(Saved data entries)
*** Block opens ***
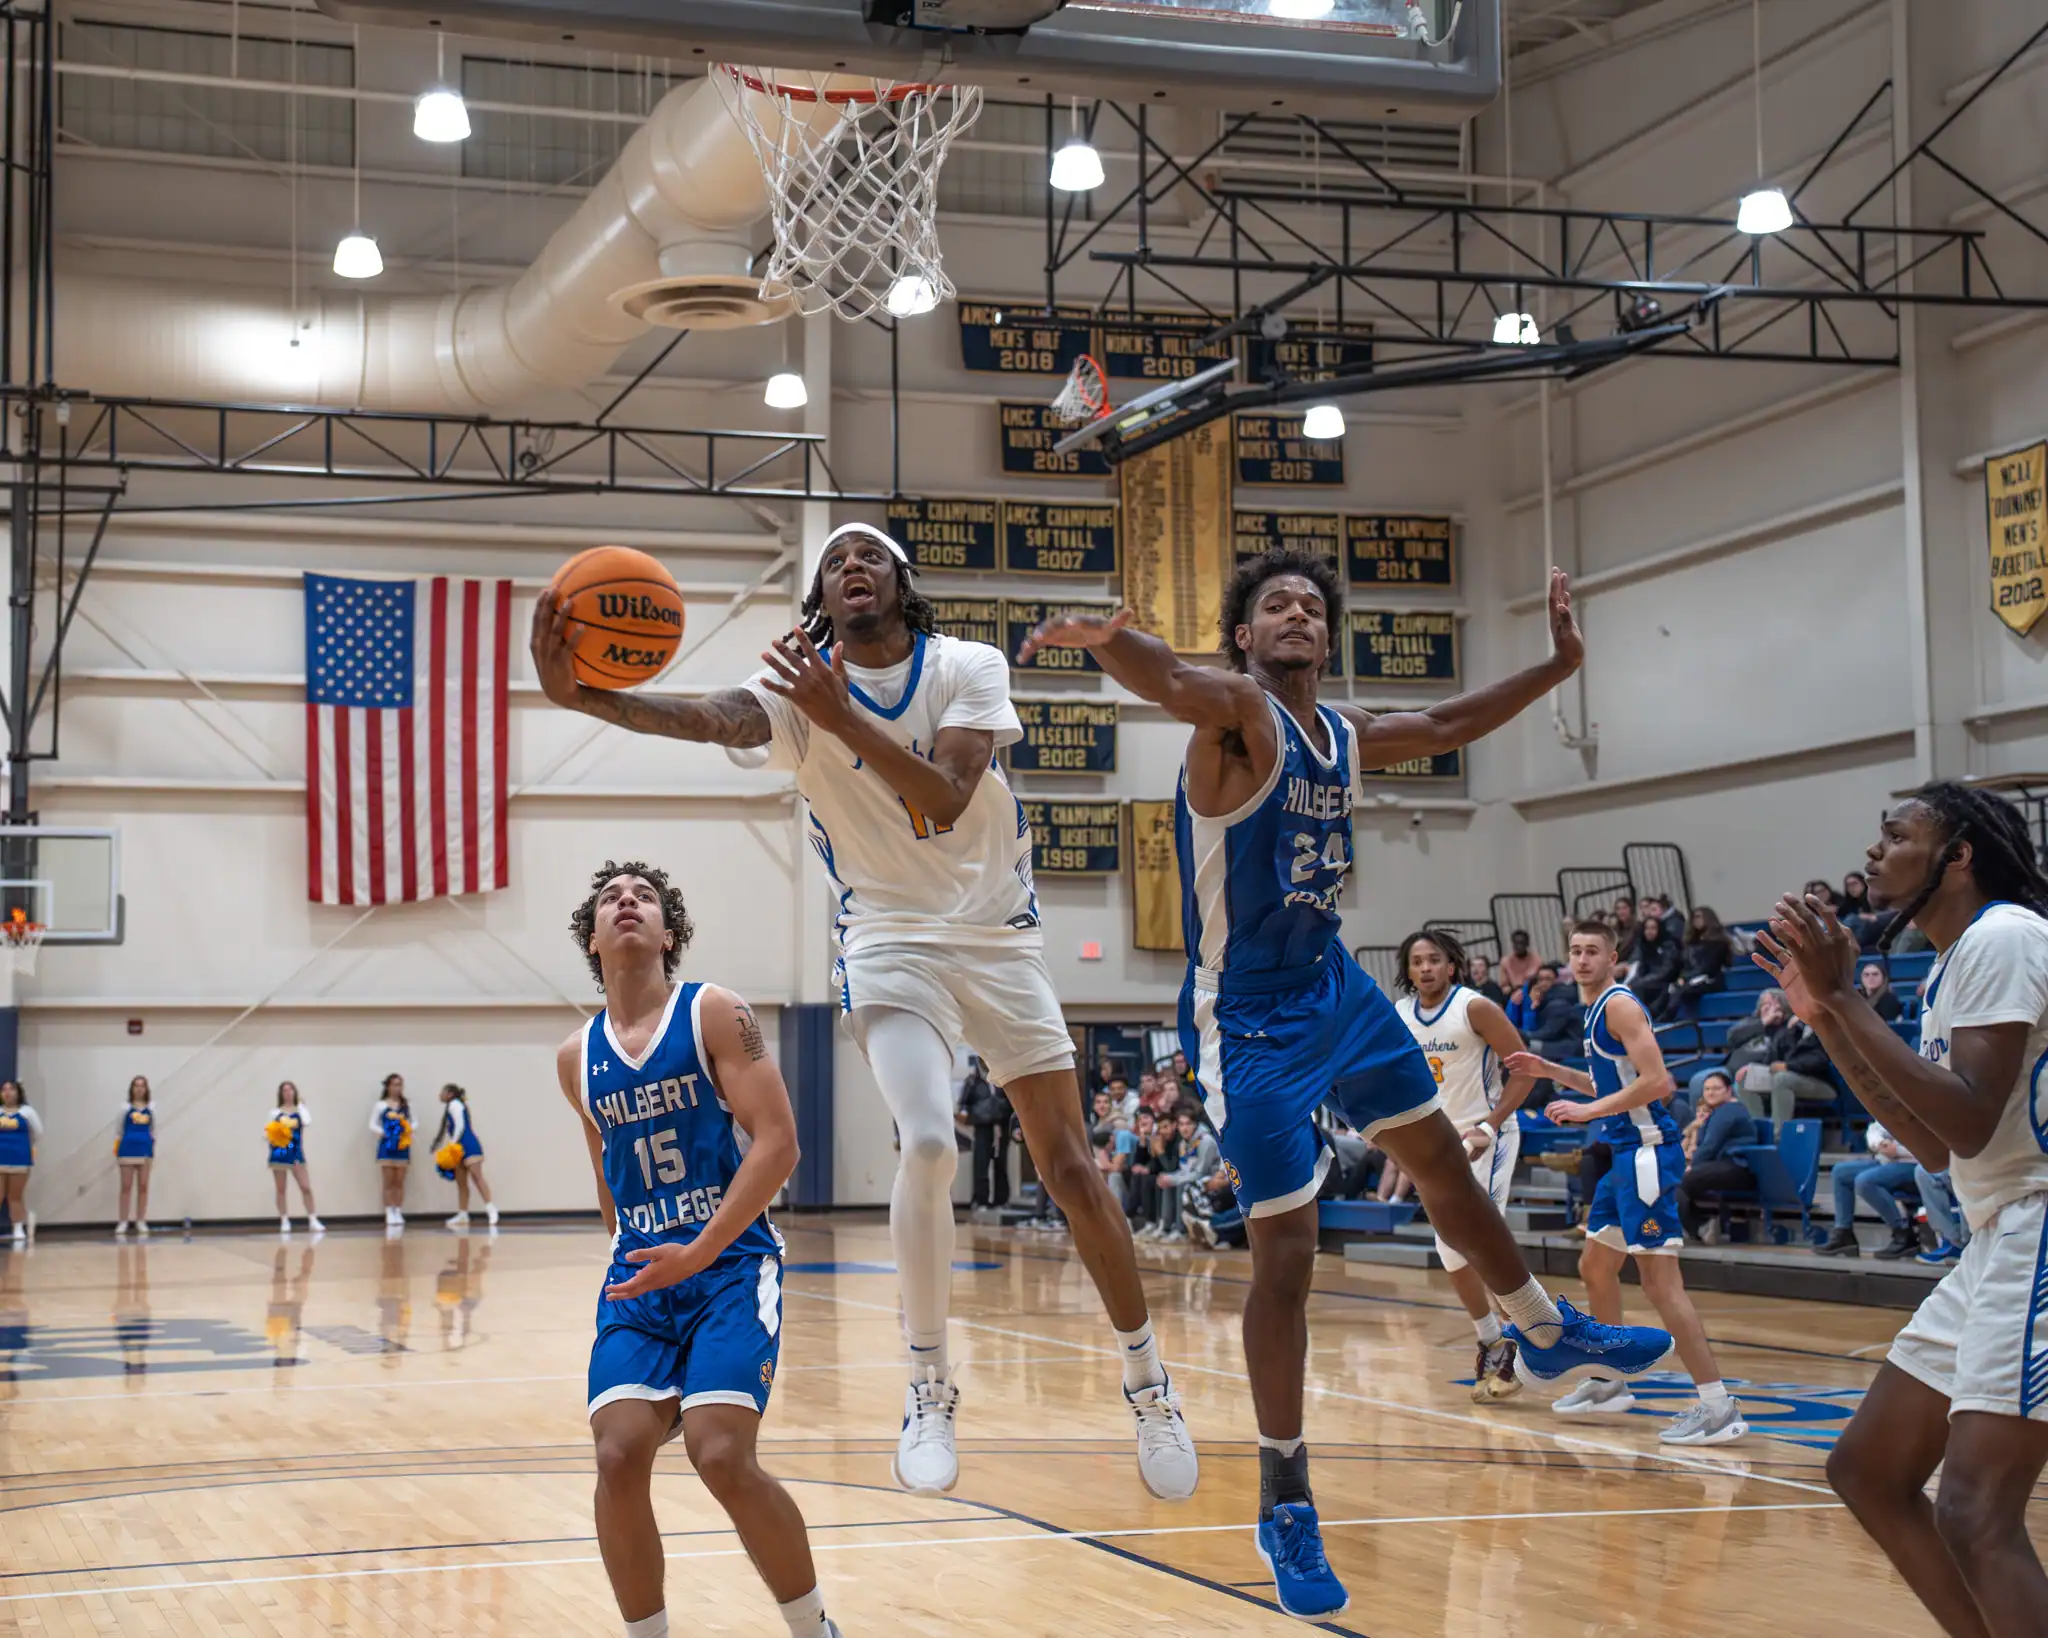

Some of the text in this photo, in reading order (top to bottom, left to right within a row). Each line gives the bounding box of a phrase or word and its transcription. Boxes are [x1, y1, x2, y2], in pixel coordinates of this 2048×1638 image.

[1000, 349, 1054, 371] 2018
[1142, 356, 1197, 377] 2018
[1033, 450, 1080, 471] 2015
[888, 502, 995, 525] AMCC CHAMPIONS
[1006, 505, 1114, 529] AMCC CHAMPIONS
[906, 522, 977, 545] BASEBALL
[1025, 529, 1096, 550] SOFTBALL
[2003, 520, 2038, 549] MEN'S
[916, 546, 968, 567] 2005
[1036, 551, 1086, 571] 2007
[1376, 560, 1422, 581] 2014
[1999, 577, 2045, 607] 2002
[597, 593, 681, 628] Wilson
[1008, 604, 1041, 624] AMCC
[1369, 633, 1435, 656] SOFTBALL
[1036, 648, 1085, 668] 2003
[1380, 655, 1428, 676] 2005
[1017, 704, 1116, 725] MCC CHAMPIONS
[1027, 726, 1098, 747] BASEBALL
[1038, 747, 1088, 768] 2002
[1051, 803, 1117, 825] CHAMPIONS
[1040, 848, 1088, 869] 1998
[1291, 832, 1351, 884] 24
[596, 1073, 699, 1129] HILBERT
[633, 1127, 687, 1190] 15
*** Block closes ***
◆ **EXERCISE PROMPT**
Only an exact, picture-free copy of the entries counts as the answer.

◆ **SOLUTION TO THE PROBLEM**
Some of the text in this photo, in reading order (top to bottom, left to right within a row). Each line gives the bounding box of a phrase or word and its transcription. Boxes are [x1, y1, x2, y2], in pixel coordinates of this 2048×1638 image.

[1000, 349, 1054, 371] 2018
[1142, 356, 1197, 377] 2018
[1033, 450, 1080, 471] 2015
[888, 502, 995, 525] AMCC CHAMPIONS
[1006, 505, 1114, 529] AMCC CHAMPIONS
[906, 522, 977, 545] BASEBALL
[1025, 529, 1096, 550] SOFTBALL
[2003, 520, 2038, 549] MEN'S
[916, 546, 968, 567] 2005
[1036, 551, 1086, 571] 2007
[1376, 560, 1422, 581] 2014
[1999, 577, 2045, 607] 2002
[597, 593, 681, 628] Wilson
[1008, 604, 1041, 624] AMCC
[1369, 633, 1435, 656] SOFTBALL
[1036, 648, 1085, 668] 2003
[1380, 655, 1428, 676] 2005
[1017, 704, 1116, 725] MCC CHAMPIONS
[1027, 726, 1098, 747] BASEBALL
[1038, 747, 1088, 768] 2002
[1051, 803, 1117, 825] CHAMPIONS
[1040, 848, 1088, 869] 1998
[1291, 832, 1351, 884] 24
[596, 1073, 699, 1129] HILBERT
[633, 1127, 687, 1190] 15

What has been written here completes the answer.